No caso de “Escândalo Íntimo”, afirma o produtor, a escolha de músicas mais curtss não se deu para agradar as plataformas, mas para romper fórmulas já estabelecidas no mercado. Além de ser curta, “Campo de Morango” traz o refrão logo no começo, algo pouco comum, diz ele.

Os produtores estrangeiros do disco teriam estranhado as mudanças. “Diziam que a gente era louco por cortar a música no meio. Eles não entendiam.”
O público parece não ter entendido também. O produtor diz que o disco teria faixas ainda mais curtas do que as lançadas, mas Sonza mudou de ideia após as reações negativas.

Anitta também apostou na brevidade para fisgar o público quando lançou “Funk Rave”, que tem dois minutos e 27 segundos. Produtor da faixa, o DJ Gabriel do Borel afirma que o encurtamento das músicas, um fenômeno em curso há alguns anos, foi acelerado pelo TikTok.

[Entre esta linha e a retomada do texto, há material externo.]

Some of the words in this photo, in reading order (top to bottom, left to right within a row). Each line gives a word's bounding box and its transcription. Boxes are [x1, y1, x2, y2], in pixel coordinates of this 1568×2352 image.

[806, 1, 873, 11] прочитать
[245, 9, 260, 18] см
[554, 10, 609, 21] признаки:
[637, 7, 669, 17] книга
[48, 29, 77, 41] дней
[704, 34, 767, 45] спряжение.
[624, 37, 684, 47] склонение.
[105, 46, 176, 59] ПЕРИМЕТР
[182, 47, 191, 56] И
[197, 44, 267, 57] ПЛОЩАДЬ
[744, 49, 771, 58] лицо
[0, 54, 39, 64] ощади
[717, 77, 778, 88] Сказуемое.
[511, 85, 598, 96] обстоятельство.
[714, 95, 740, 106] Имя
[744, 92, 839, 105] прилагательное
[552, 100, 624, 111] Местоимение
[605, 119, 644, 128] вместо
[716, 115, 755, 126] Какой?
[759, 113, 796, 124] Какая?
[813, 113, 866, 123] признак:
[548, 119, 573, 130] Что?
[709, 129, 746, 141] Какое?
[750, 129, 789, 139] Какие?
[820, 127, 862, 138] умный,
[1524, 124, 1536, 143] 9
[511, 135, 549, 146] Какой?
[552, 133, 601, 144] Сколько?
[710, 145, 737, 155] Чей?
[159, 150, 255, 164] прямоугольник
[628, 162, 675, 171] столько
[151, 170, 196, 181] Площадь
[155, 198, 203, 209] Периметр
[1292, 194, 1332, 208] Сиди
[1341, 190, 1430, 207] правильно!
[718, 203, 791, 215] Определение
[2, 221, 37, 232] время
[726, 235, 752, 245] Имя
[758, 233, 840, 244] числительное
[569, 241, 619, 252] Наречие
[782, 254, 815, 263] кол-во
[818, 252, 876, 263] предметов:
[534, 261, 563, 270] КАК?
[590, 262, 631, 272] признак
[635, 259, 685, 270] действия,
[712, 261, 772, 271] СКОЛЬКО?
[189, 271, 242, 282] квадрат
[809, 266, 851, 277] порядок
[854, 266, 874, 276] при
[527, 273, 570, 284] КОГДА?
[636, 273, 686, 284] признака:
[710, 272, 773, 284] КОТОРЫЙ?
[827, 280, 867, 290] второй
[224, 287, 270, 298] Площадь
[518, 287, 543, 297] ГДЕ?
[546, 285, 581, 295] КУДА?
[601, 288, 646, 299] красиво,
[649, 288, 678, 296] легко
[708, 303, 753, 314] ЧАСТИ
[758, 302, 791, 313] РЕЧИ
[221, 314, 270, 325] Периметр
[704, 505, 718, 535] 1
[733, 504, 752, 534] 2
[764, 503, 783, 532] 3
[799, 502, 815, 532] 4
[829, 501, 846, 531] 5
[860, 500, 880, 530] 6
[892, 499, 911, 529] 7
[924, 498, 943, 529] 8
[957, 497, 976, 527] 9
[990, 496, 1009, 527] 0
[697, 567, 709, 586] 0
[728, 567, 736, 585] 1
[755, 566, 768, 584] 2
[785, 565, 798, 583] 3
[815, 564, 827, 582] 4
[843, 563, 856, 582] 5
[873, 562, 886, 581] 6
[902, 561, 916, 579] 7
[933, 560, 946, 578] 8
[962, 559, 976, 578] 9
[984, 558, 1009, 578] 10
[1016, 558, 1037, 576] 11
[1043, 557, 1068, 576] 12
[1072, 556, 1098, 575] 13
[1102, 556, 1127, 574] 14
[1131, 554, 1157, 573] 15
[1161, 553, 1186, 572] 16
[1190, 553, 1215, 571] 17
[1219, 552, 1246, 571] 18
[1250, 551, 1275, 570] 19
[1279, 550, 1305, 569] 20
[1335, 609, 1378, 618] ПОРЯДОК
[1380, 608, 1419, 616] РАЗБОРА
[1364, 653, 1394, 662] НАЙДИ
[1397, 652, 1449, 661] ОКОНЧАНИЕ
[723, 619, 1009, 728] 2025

Para ele, tecnologias como essa aumentam o imediatismo do público, o que impacta desde o cinema até o jornalismo. “Não seria diferente na indústria musical”, diz, acrescentando que o senso de urgência do também influencia a estratégia de lançamento. “Antes, os artistas lançavam um disco e passavam um ano trabalhando para que todas as faixas fossem conhecidas.”

Hoje, as pessoas consomem canções com a mesma voracidade com a qual aceleram áudios de WhatsApp ou maratonam séries. “Elas ouvem um lançamento e já querem outro. O tempo se tornou muito mais precioso, porque é difícil prender o público por muito tempo”, diz o DJ.

A afirmação encontra eco em estudos científicos. Em 2021, uma pesquisa da King’s College, de Londres, na Inglaterra, entrevistou 2.093 britânicos e constatou que 49% deles consideravam que sua concentração havia diminuído com o passar dos anos.

E se a disputa pela atenção do ouvinte tem provocado mudanças profundas na música, a duração não é a única delas. Um artigo do The New York Times explica que canções pop costumavam ter a mesma estrutura desde os anos 1960 ?isto é, verso, pré-refrão e refrão.

Esse paradigma começou a mudar na década de 2010, com o avanço do streaming e das redes sociais. Hoje, é comum os artistas deixarem o verso de lado para começar com um gancho isto é, um elemento sonoro cativante e chamativo.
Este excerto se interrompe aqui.